**Exercise description**
In your output, repeat each entry exactly and include no pictures.
(Beginning of Data in this exercise)
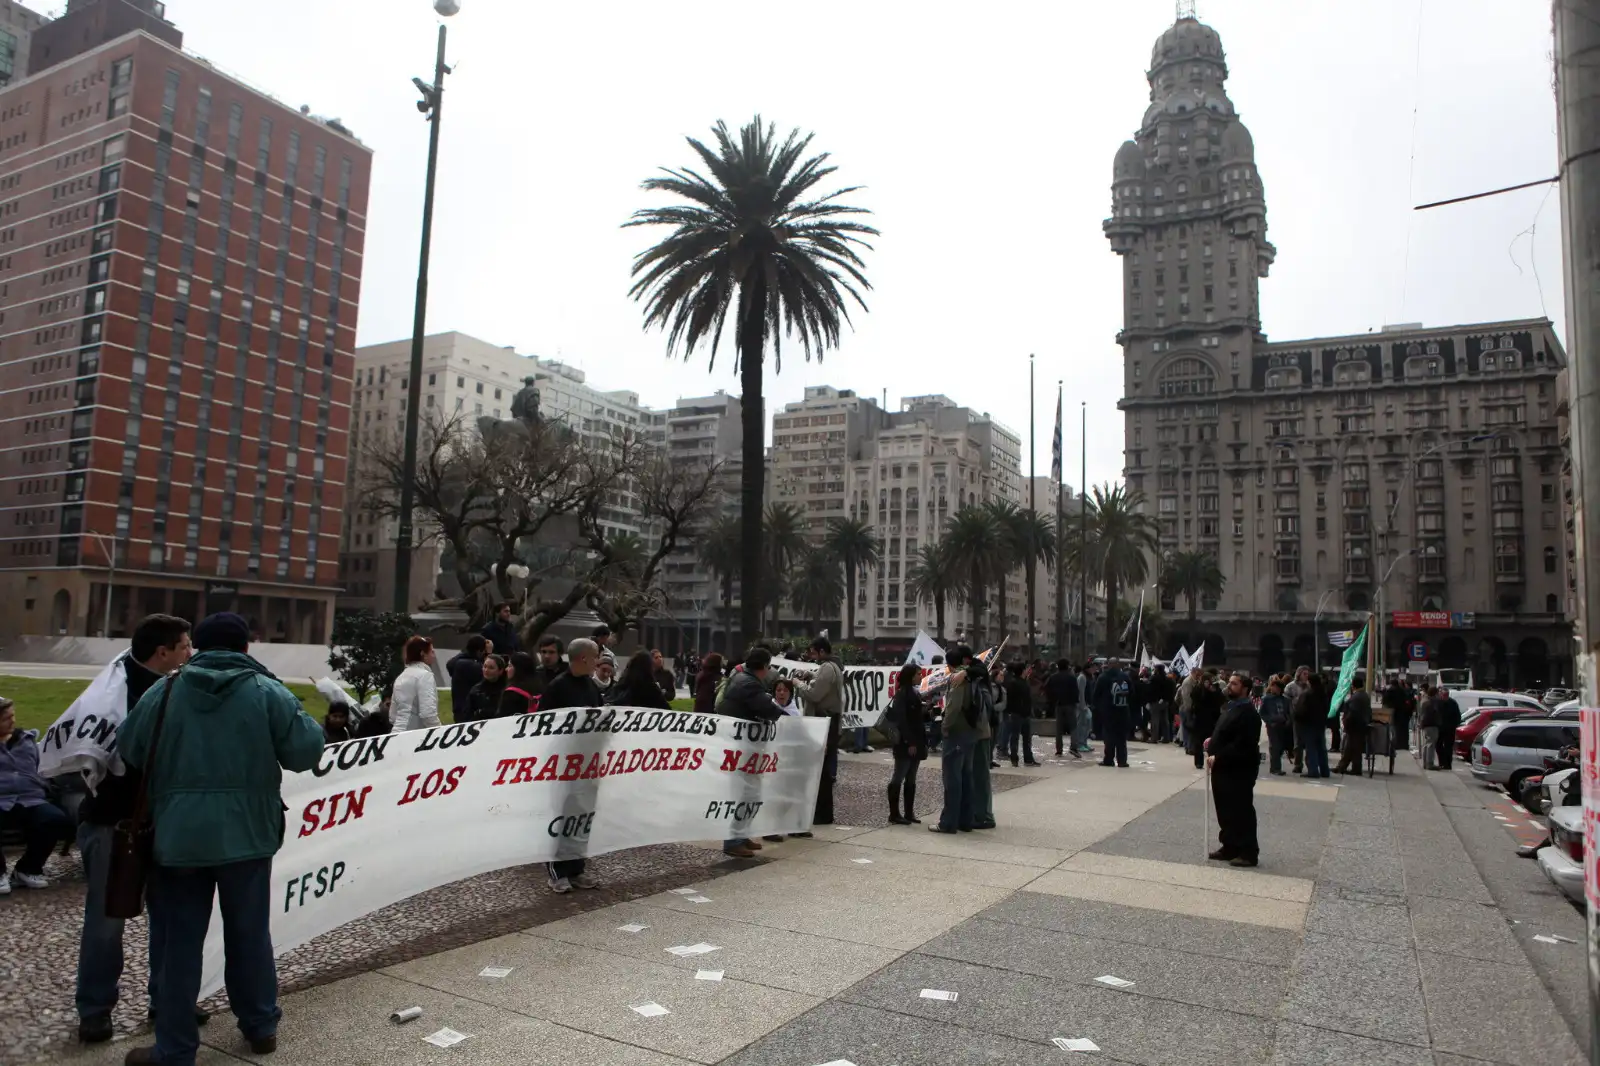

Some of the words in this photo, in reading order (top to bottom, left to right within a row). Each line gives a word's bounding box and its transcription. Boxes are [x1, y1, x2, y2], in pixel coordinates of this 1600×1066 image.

[1420, 612, 1448, 620] VENDO
[1413, 644, 1425, 657] E
[43, 719, 75, 753] PIT
[312, 734, 399, 777] CON
[414, 720, 489, 753] LOS
[512, 709, 720, 738] TRABAJADORES
[298, 785, 373, 838] SIN
[397, 765, 467, 805] LOS
[491, 747, 706, 786] TRABAJADORES
[720, 749, 779, 774] NADA
[284, 861, 346, 913] FFSP
(End of Data in this exercise)
**Result of this task**
Some of the words in this photo, in reading order (top to bottom, left to right within a row). Each line gives a word's bounding box and its transcription. Boxes are [x1, y1, x2, y2], in pixel coordinates of this 1600×1066 image.

[1420, 612, 1448, 620] VENDO
[1413, 644, 1425, 657] E
[43, 719, 75, 753] PIT
[312, 734, 399, 777] CON
[414, 720, 489, 753] LOS
[512, 709, 720, 738] TRABAJADORES
[298, 785, 373, 838] SIN
[397, 765, 467, 805] LOS
[491, 747, 706, 786] TRABAJADORES
[720, 749, 779, 774] NADA
[284, 861, 346, 913] FFSP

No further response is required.